What the exercise asks: When you respond, write out each entry exactly as it stands.

[Records from a data collection]

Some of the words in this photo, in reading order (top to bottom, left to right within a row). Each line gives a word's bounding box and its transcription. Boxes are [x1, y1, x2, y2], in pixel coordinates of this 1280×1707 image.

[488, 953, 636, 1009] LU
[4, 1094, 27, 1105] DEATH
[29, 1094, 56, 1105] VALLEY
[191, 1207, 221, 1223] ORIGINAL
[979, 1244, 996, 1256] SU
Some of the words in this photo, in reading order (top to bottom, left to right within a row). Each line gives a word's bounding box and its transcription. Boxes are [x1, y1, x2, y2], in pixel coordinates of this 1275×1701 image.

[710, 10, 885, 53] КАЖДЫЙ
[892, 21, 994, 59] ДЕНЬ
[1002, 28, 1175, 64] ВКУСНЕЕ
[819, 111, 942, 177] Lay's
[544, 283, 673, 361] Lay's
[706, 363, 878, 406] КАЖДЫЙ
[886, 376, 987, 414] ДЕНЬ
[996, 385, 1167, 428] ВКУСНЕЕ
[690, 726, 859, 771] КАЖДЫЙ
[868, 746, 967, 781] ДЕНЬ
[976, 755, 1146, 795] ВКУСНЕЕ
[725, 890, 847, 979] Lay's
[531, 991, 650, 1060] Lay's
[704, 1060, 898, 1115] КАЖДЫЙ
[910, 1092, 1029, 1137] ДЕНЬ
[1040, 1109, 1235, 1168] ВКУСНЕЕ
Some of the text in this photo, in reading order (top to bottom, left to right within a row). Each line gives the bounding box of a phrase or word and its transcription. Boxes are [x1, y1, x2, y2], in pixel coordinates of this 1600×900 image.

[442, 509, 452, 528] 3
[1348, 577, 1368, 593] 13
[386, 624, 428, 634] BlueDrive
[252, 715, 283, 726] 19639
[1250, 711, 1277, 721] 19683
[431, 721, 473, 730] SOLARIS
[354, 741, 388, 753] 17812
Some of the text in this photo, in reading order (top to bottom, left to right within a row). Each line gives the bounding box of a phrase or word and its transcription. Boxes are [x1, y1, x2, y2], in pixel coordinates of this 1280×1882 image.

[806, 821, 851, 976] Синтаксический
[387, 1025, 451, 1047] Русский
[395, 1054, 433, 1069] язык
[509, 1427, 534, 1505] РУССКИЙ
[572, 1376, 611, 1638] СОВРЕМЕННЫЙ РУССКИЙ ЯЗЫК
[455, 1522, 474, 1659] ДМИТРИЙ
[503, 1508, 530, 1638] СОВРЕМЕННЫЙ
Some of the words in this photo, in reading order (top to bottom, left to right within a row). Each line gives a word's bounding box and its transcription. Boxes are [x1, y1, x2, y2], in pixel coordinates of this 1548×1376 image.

Answer section:
Some of the words in this photo, in reading order (top to bottom, left to right within a row). Each line gives a word's bounding box and its transcription. Boxes are [x1, y1, x2, y2], in pixel coordinates of this 1280×1707 image.

[488, 953, 636, 1009] LU
[4, 1094, 27, 1105] DEATH
[29, 1094, 56, 1105] VALLEY
[191, 1207, 221, 1223] ORIGINAL
[979, 1244, 996, 1256] SU
Some of the words in this photo, in reading order (top to bottom, left to right within a row). Each line gives a word's bounding box and its transcription. Boxes are [x1, y1, x2, y2], in pixel coordinates of this 1275×1701 image.

[710, 10, 885, 53] КАЖДЫЙ
[892, 21, 994, 59] ДЕНЬ
[1002, 28, 1175, 64] ВКУСНЕЕ
[819, 111, 942, 177] Lay's
[544, 283, 673, 361] Lay's
[706, 363, 878, 406] КАЖДЫЙ
[886, 376, 987, 414] ДЕНЬ
[996, 385, 1167, 428] ВКУСНЕЕ
[690, 726, 859, 771] КАЖДЫЙ
[868, 746, 967, 781] ДЕНЬ
[976, 755, 1146, 795] ВКУСНЕЕ
[725, 890, 847, 979] Lay's
[531, 991, 650, 1060] Lay's
[704, 1060, 898, 1115] КАЖДЫЙ
[910, 1092, 1029, 1137] ДЕНЬ
[1040, 1109, 1235, 1168] ВКУСНЕЕ
Some of the text in this photo, in reading order (top to bottom, left to right within a row). Each line gives the bounding box of a phrase or word and its transcription. Boxes are [x1, y1, x2, y2], in pixel coordinates of this 1600×900 image.

[442, 509, 452, 528] 3
[1348, 577, 1368, 593] 13
[386, 624, 428, 634] BlueDrive
[252, 715, 283, 726] 19639
[1250, 711, 1277, 721] 19683
[431, 721, 473, 730] SOLARIS
[354, 741, 388, 753] 17812
Some of the text in this photo, in reading order (top to bottom, left to right within a row). Each line gives the bounding box of a phrase or word and its transcription. Boxes are [x1, y1, x2, y2], in pixel coordinates of this 1280×1882 image.

[806, 821, 851, 976] Синтаксический
[387, 1025, 451, 1047] Русский
[395, 1054, 433, 1069] язык
[509, 1427, 534, 1505] РУССКИЙ
[572, 1376, 611, 1638] СОВРЕМЕННЫЙ РУССКИЙ ЯЗЫК
[455, 1522, 474, 1659] ДМИТРИЙ
[503, 1508, 530, 1638] СОВРЕМЕННЫЙ
Some of the words in this photo, in reading order (top to bottom, left to right within a row). Each line gives a word's bounding box and its transcription. Boxes are [x1, y1, x2, y2], in pixel coordinates of this 1548×1376 image.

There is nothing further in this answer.